Provided information >>
»»
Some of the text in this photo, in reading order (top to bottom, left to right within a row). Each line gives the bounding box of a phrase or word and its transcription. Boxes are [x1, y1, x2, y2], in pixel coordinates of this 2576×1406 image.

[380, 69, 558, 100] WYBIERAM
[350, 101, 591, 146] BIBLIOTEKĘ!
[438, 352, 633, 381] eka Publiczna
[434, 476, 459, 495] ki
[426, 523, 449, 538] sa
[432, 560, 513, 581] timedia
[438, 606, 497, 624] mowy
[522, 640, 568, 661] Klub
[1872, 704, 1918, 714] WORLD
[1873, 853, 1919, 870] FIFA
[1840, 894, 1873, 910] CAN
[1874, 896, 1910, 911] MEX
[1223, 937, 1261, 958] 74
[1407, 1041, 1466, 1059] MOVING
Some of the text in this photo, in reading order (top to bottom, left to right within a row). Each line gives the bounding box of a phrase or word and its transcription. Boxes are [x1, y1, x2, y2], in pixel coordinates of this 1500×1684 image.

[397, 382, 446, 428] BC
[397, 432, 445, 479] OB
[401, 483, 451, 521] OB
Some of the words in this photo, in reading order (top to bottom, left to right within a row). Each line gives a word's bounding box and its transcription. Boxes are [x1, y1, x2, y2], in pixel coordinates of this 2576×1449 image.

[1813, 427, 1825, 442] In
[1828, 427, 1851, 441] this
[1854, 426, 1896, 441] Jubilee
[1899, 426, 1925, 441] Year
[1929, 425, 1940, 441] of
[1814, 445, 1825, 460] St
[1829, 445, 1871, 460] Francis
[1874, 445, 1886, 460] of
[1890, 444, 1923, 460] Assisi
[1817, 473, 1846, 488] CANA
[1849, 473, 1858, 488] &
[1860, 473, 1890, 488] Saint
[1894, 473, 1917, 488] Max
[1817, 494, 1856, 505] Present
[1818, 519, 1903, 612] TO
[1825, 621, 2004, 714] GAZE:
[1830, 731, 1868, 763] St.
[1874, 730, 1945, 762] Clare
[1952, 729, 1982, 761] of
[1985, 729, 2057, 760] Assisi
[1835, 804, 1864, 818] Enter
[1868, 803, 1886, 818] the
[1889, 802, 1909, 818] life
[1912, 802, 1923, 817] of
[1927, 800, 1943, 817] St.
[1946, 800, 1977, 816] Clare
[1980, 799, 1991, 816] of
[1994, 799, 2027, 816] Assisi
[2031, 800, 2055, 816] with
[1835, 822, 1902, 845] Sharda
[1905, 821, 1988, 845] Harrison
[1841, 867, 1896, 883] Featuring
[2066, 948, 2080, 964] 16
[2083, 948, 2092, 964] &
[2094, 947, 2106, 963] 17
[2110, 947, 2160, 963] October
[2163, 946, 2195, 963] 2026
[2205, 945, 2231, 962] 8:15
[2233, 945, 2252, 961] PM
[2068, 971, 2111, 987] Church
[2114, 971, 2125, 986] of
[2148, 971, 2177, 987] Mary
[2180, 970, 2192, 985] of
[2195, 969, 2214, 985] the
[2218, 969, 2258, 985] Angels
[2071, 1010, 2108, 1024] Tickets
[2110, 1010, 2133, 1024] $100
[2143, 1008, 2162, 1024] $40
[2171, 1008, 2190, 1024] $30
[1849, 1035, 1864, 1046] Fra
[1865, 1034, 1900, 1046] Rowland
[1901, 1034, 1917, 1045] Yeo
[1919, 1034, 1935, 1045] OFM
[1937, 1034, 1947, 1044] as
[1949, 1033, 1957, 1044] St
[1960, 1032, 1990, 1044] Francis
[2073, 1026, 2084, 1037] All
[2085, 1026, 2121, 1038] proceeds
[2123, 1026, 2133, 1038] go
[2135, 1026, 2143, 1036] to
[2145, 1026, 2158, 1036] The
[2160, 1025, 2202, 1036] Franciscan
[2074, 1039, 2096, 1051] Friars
««
Task item >> Please repeat the whole listing above, keeping every line exactly as it reads.

Written solution >>
Some of the text in this photo, in reading order (top to bottom, left to right within a row). Each line gives the bounding box of a phrase or word and its transcription. Boxes are [x1, y1, x2, y2], in pixel coordinates of this 2576×1406 image.

[380, 69, 558, 100] WYBIERAM
[350, 101, 591, 146] BIBLIOTEKĘ!
[438, 352, 633, 381] eka Publiczna
[434, 476, 459, 495] ki
[426, 523, 449, 538] sa
[432, 560, 513, 581] timedia
[438, 606, 497, 624] mowy
[522, 640, 568, 661] Klub
[1872, 704, 1918, 714] WORLD
[1873, 853, 1919, 870] FIFA
[1840, 894, 1873, 910] CAN
[1874, 896, 1910, 911] MEX
[1223, 937, 1261, 958] 74
[1407, 1041, 1466, 1059] MOVING
Some of the text in this photo, in reading order (top to bottom, left to right within a row). Each line gives the bounding box of a phrase or word and its transcription. Boxes are [x1, y1, x2, y2], in pixel coordinates of this 1500×1684 image.

[397, 382, 446, 428] BC
[397, 432, 445, 479] OB
[401, 483, 451, 521] OB
Some of the words in this photo, in reading order (top to bottom, left to right within a row). Each line gives a word's bounding box and its transcription. Boxes are [x1, y1, x2, y2], in pixel coordinates of this 2576×1449 image.

[1813, 427, 1825, 442] In
[1828, 427, 1851, 441] this
[1854, 426, 1896, 441] Jubilee
[1899, 426, 1925, 441] Year
[1929, 425, 1940, 441] of
[1814, 445, 1825, 460] St
[1829, 445, 1871, 460] Francis
[1874, 445, 1886, 460] of
[1890, 444, 1923, 460] Assisi
[1817, 473, 1846, 488] CANA
[1849, 473, 1858, 488] &
[1860, 473, 1890, 488] Saint
[1894, 473, 1917, 488] Max
[1817, 494, 1856, 505] Present
[1818, 519, 1903, 612] TO
[1825, 621, 2004, 714] GAZE:
[1830, 731, 1868, 763] St.
[1874, 730, 1945, 762] Clare
[1952, 729, 1982, 761] of
[1985, 729, 2057, 760] Assisi
[1835, 804, 1864, 818] Enter
[1868, 803, 1886, 818] the
[1889, 802, 1909, 818] life
[1912, 802, 1923, 817] of
[1927, 800, 1943, 817] St.
[1946, 800, 1977, 816] Clare
[1980, 799, 1991, 816] of
[1994, 799, 2027, 816] Assisi
[2031, 800, 2055, 816] with
[1835, 822, 1902, 845] Sharda
[1905, 821, 1988, 845] Harrison
[1841, 867, 1896, 883] Featuring
[2066, 948, 2080, 964] 16
[2083, 948, 2092, 964] &
[2094, 947, 2106, 963] 17
[2110, 947, 2160, 963] October
[2163, 946, 2195, 963] 2026
[2205, 945, 2231, 962] 8:15
[2233, 945, 2252, 961] PM
[2068, 971, 2111, 987] Church
[2114, 971, 2125, 986] of
[2148, 971, 2177, 987] Mary
[2180, 970, 2192, 985] of
[2195, 969, 2214, 985] the
[2218, 969, 2258, 985] Angels
[2071, 1010, 2108, 1024] Tickets
[2110, 1010, 2133, 1024] $100
[2143, 1008, 2162, 1024] $40
[2171, 1008, 2190, 1024] $30
[1849, 1035, 1864, 1046] Fra
[1865, 1034, 1900, 1046] Rowland
[1901, 1034, 1917, 1045] Yeo
[1919, 1034, 1935, 1045] OFM
[1937, 1034, 1947, 1044] as
[1949, 1033, 1957, 1044] St
[1960, 1032, 1990, 1044] Francis
[2073, 1026, 2084, 1037] All
[2085, 1026, 2121, 1038] proceeds
[2123, 1026, 2133, 1038] go
[2135, 1026, 2143, 1036] to
[2145, 1026, 2158, 1036] The
[2160, 1025, 2202, 1036] Franciscan
[2074, 1039, 2096, 1051] Friars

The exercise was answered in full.